La passione per la cultura del passato che già dai primi anni del ‘900 aveva alimentato le sue
esperienze in svariati campi, trova nella committenza barese una rinnovata sperimentazione
nelle forme e nelle funzioni sia negli apparati tecnici che di rappresentanza. Nelle decorazioni
parietali elaborate negli ambienti di lavoro e negli appartamenti privati dell’edifico, Cambellotti
riprende antichi temi a lui congeniali come le fontane, il lavoro femminile, i cavalli che si
dissetano alle fonti, inventando ardite sintesi tra il romanico pugliese e il déco.

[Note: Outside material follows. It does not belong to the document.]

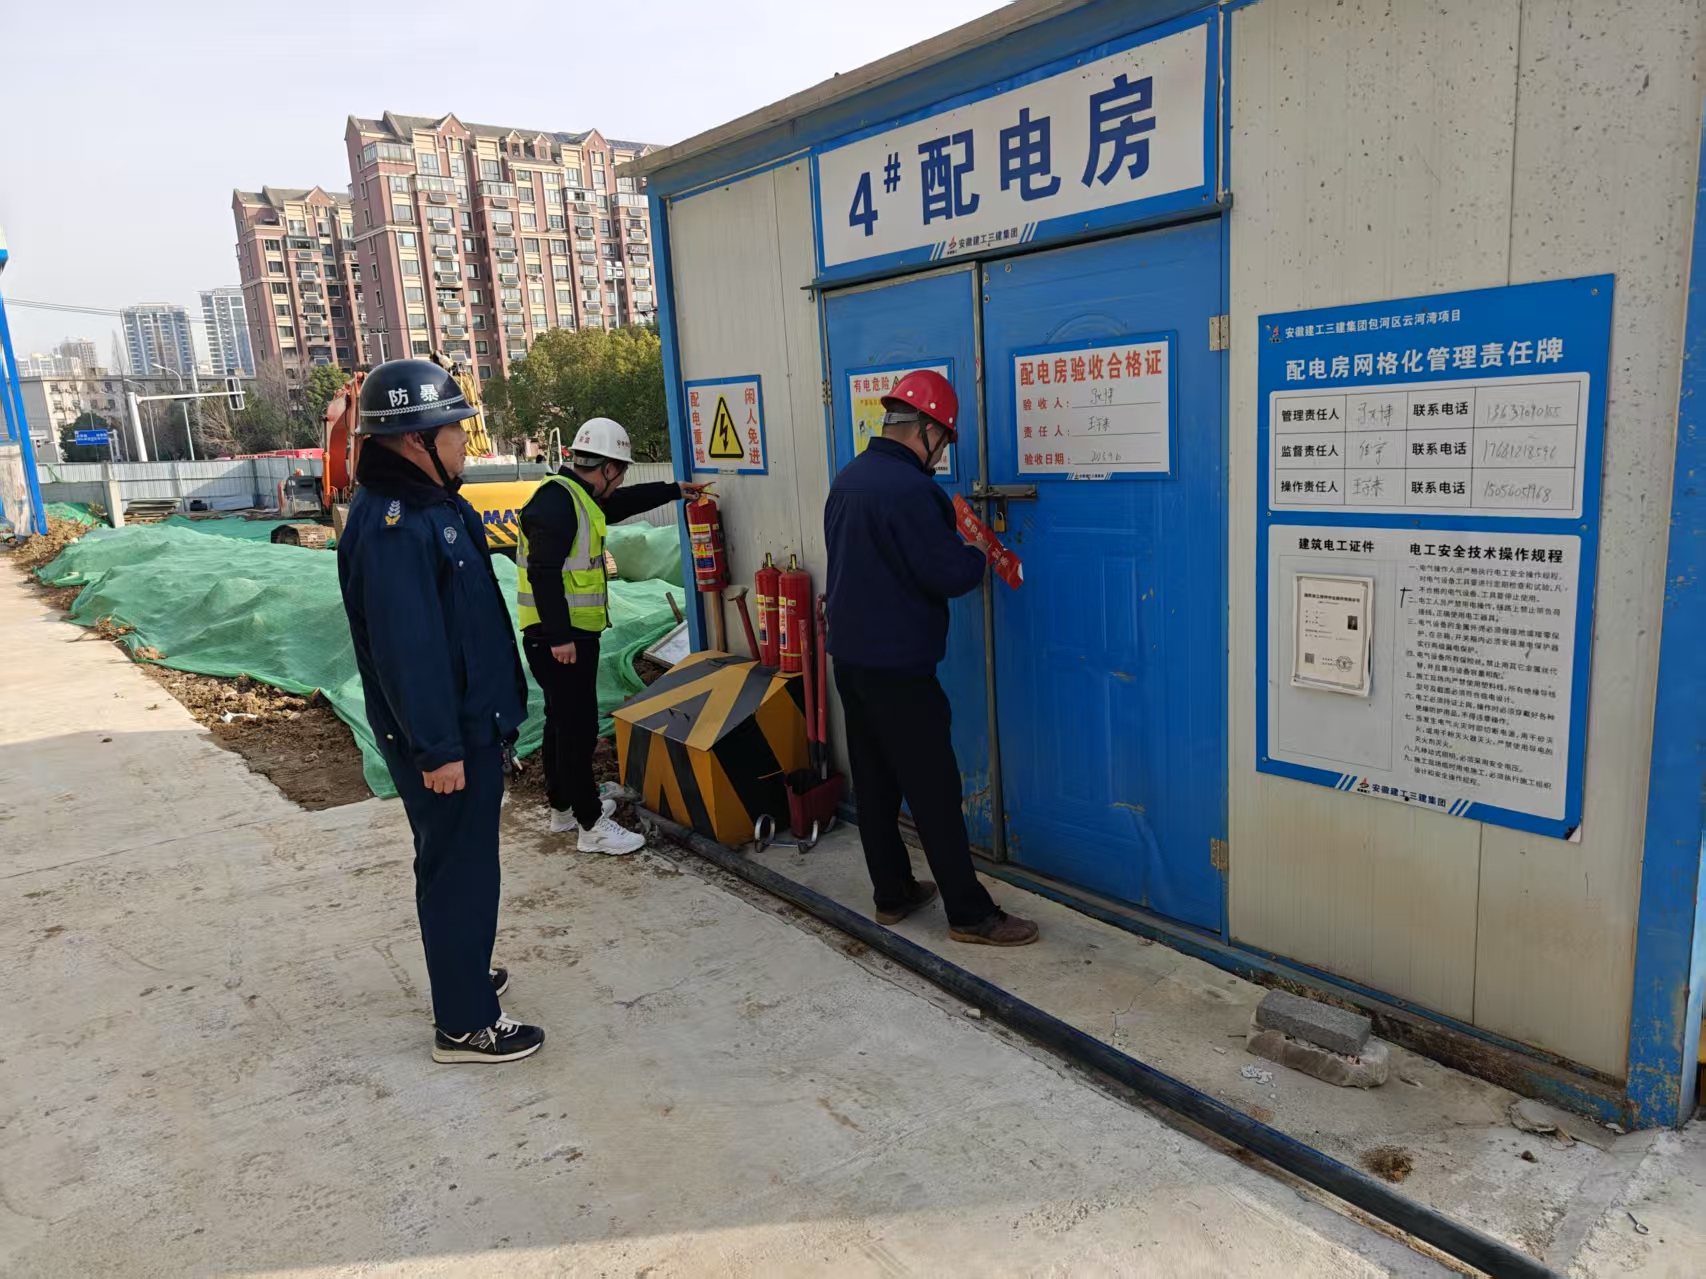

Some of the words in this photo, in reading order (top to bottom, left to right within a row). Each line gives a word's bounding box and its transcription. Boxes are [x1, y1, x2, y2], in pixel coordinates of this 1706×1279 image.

Il ciclo lavorativo del maestro, infatti, articolato in diverse fasi che definiscono il disegno
delle sale, le boiseries, la decorazione pittorica, i pavimenti, gli arredi, le luci, i tappeti, le
maniglie, rivela un’adesione sentimentale, una sorta di amore mai obliato verso quella storia
dell’antico ispirato dalle forme dei monumenti romanici pugliesi, castelli di un lontano passato
cavalleresco. E come nei castelli e nelle chiese medievali la rappresentazione delle storie sacre
e profane veniva affidata ad artisti famosi, a dipingere l'avvento dell'acqua in Puglia è Duilio
Cambellotti, la cui carriera artistica, nata in ambito modernista, intrisa degli ideali umanitari del
socialismo tardo ottocentesco, trova nelle vene pugliesi il guscio di mitologie tutte al femminile.
In questa mostra le porte del Palazzo si aprono dunque sulle stanze dove l'acqua scorre da
grossi vasi dipinti, dalle stele femminili di marmo sulle pareti, quasi divinità metafisiche, ieratiche
e silenziose, dispensatrici dell'acqua risucchiata dalle vene di un fiume “addomesticato”, fino
al trionfo del grande tubo dipinto sulle tele della Sala del Consiglio, trionfo della tecnologia
idraulica accompagnata dalla danza delle lavandaie che strizzano lunghi panni bianchi mentre
sugli ulivi sventolano al sole grandi bandiere di lenzuola messe ad asciugare.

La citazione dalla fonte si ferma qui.